In CompTIA A+ Core 2 (220-1202), Domain 3.0 (Software Troubleshooting), Objective 3.1 (Given a scenario, troubleshoot common Windows OS issues, Services not starting), you're expected to recognize patterns and fix them in a safe order. A Windows service is a background task that supports the operating system or an app, often without a visible window. When a service won't start, you might see an error popup, a status stuck on Starting, or missing app features (printing fails, VPN won't connect, search stops working). The goal isn't to guess, it's to gather evidence, test the simplest causes first, then move to deeper repairs. The flow below mirrors how the exam wants you to think: confirm the failure, read the logs, check dependencies and settings, verify accounts and permissions, then repair Windows files and isolate third-party conflicts.

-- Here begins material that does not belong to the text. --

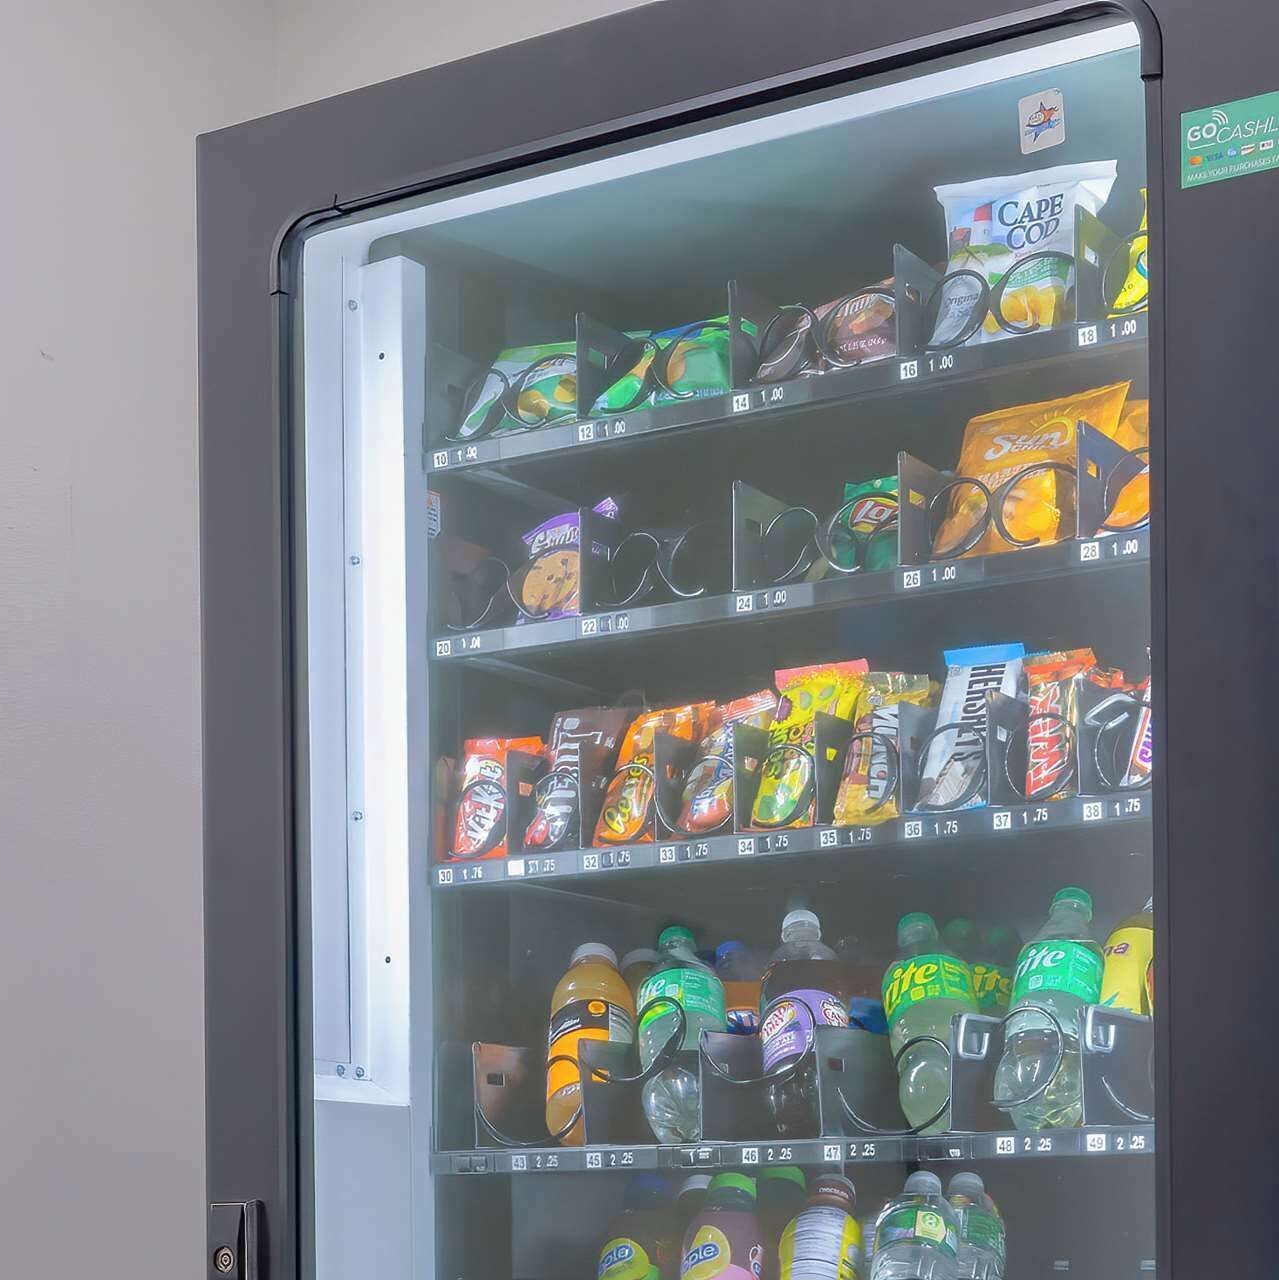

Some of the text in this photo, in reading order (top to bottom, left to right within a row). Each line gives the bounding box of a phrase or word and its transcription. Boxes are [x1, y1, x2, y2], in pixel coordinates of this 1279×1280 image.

Spot the symptoms and collect quick clues first
Before changing settings, treat service failures like a medical triage. First, identify what's broken. Next, record what you see. Only then should you try fixes. This approach keeps your work reversible and helps you avoid "fixing" the wrong thing.
Start by asking what the user noticed. Did an app stop working, or did Windows show a warning after boot? Also ask what changed recently, because services often fail after updates, driver installs, security software changes, or forced shutdowns. Even a small detail helps, like "it started after a power outage."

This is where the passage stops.